Business Wire
- Company type: Subsidiary
- Founded: 1961; 65 years ago
- Founder: Lorry I. Lokey
- Headquarters: 101 California Street, San Francisco, California, U.S.
- Number of locations: 29 (2018)
- Key people: Geff Scott (CEO);
- Parent: Berkshire Hathaway
- Website: businesswire.com

= Business Wire =

American marketing/communications company

Business Wire is an American company that disseminates full-text press releases from thousands of companies and organizations worldwide to news media, financial markets, disclosure systems, investors, information web sites, databases, bloggers, social networks and other audiences. It is a wholly owned subsidiary of Berkshire Hathaway.

==History==
Business Wire was founded in 1961 by Lorry I. Lokey. It started by sending releases to 16 media outlets in California. Business Wire launched its website in May 1995. In 2000, ahead of its main competitor PR Newswire, Business Wire ended the practice of distributing news to financial outlets 15 minutes before anyone else, to provide immediate, equal access to company information as noted by the SEC's fair disclosure regulation (Reg FD).

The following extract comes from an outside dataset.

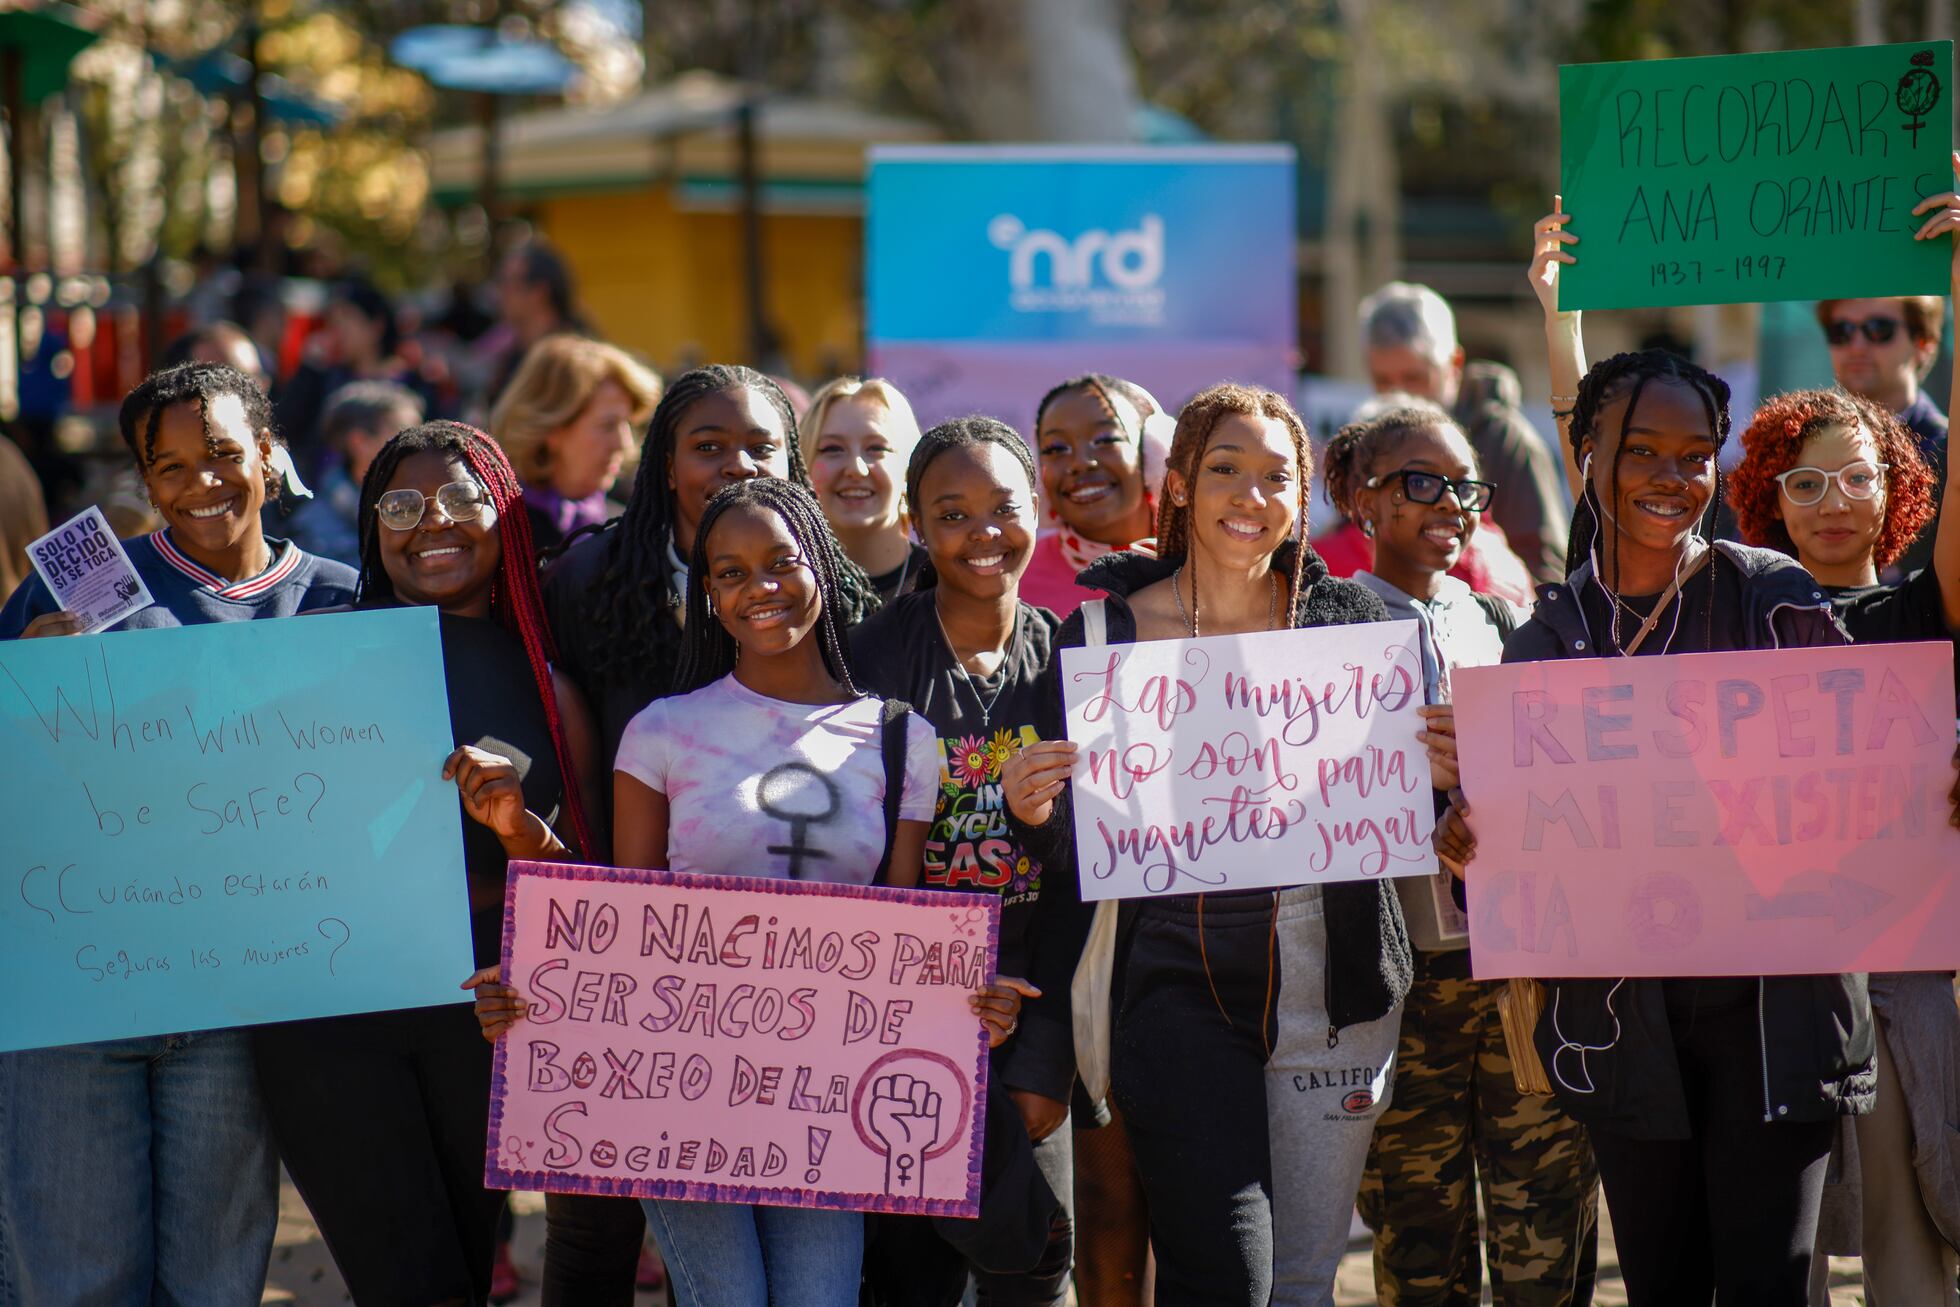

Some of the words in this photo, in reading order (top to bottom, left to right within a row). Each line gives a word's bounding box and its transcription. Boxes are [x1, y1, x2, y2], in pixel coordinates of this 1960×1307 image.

Business Wire's first wholly owned European operation launched in 2001, with the opening of an office in London. On June 1, 2005, Business Wire entered the German Ad-Hoc market with a disclosure network for companies with primary or secondary listings on the Deutsche Boerse. The service was established in compliance with BaFin, Germany's national securities regulator. On September 15, 2005, Business Wire established Regulatory Disclosure networks in France, Sweden, Switzerland and Luxembourg. The move came in anticipation of the anticipated implementation of the EU's Transparency Obligations Directive (TOD). On January 1, 2007, Autorité des marchés financiers, the French Financial Markets Regulator, approved Business Wire to operate as a Regulatory Disclosure Service in France.

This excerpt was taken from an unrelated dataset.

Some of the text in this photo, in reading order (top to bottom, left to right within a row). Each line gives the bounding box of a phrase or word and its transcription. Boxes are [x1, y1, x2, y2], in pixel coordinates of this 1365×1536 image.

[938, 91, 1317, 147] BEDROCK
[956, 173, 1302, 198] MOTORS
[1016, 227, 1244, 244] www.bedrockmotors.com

On January 10, 2005, Business Wire established an Asian hub with the opening of its Tokyo, Japan bureau, and later that year added Japanese, making the site available in seven languages. On January 17, 2006, Berkshire Hathaway announced that it was purchasing Business Wire for an undisclosed amount. This acquisition was completed on March 1, 2006.

In 2008, Business Wire partnered with ImpreMedia to launch LatinoWire, a news distribution service that distributes brand content to Hispanic websites, media outlets, journalists and bloggers. In 2011, Business Wire received a patent for the technological process of optimizing and distributing press releases to maximize their ability to be found and tracked in leading search engines. The originality of the patent was questioned by SEO expert Danny Sullivan.

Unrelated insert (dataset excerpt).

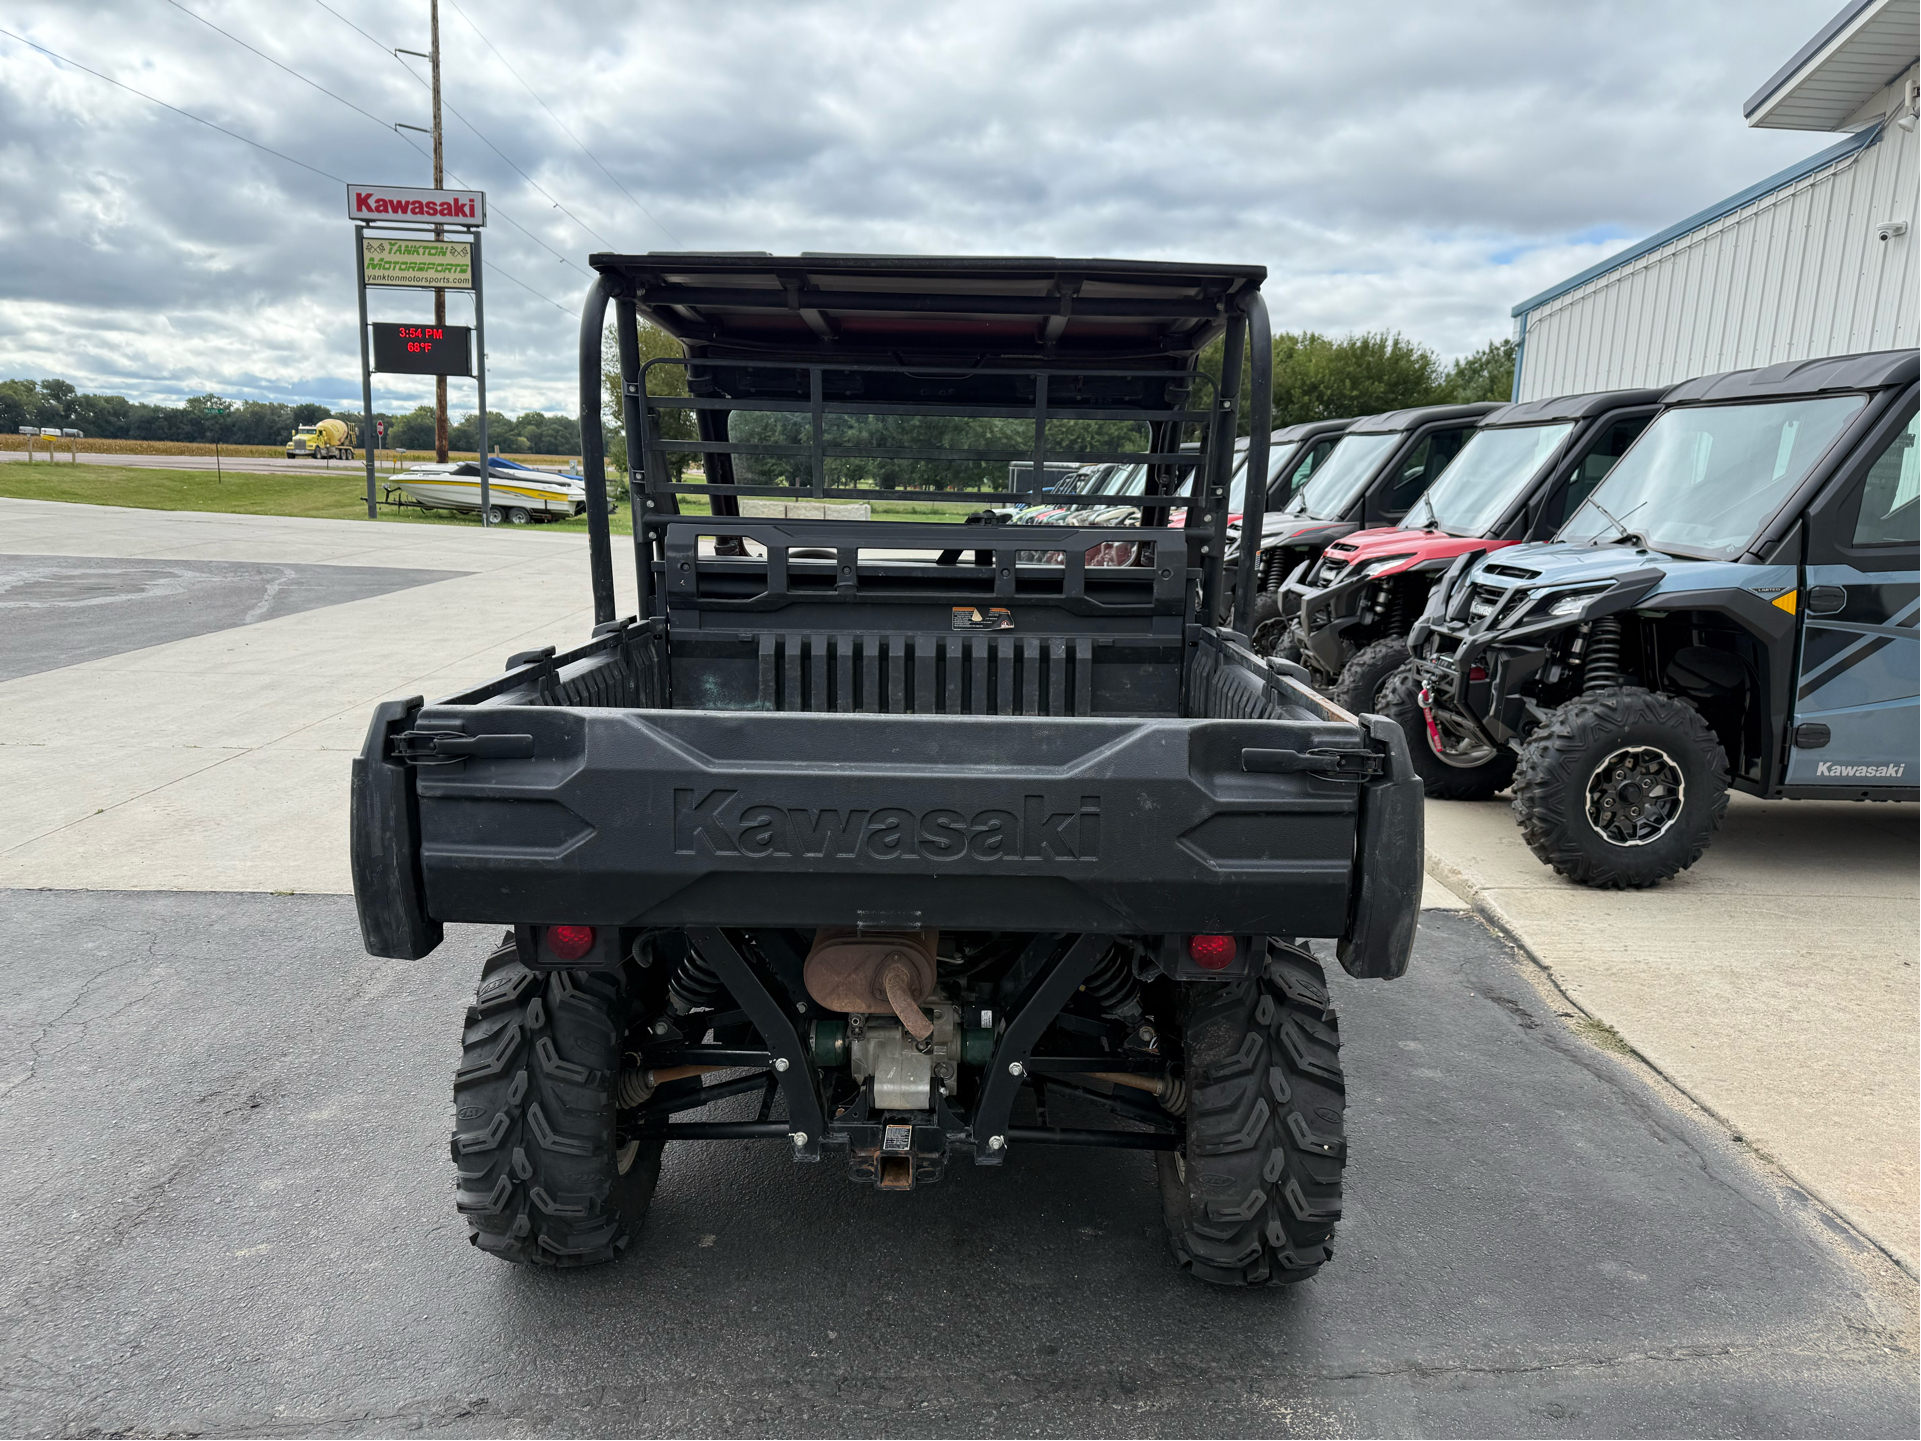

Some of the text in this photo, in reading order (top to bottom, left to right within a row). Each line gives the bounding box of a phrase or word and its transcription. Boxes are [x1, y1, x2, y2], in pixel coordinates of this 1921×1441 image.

On September 23, 2013, Business Wire announces exclusive distribution partnership with VentureBeat On November 3, 2013, Business Wire opened its office in Hong Kong.

In January 2014, Business Wire launched a new news and content distribution enhancement service.

In April 2017, its chief executive officer and president, Cathy Baron Tamraz, retired and was replaced by longtime CFO Geff Scott.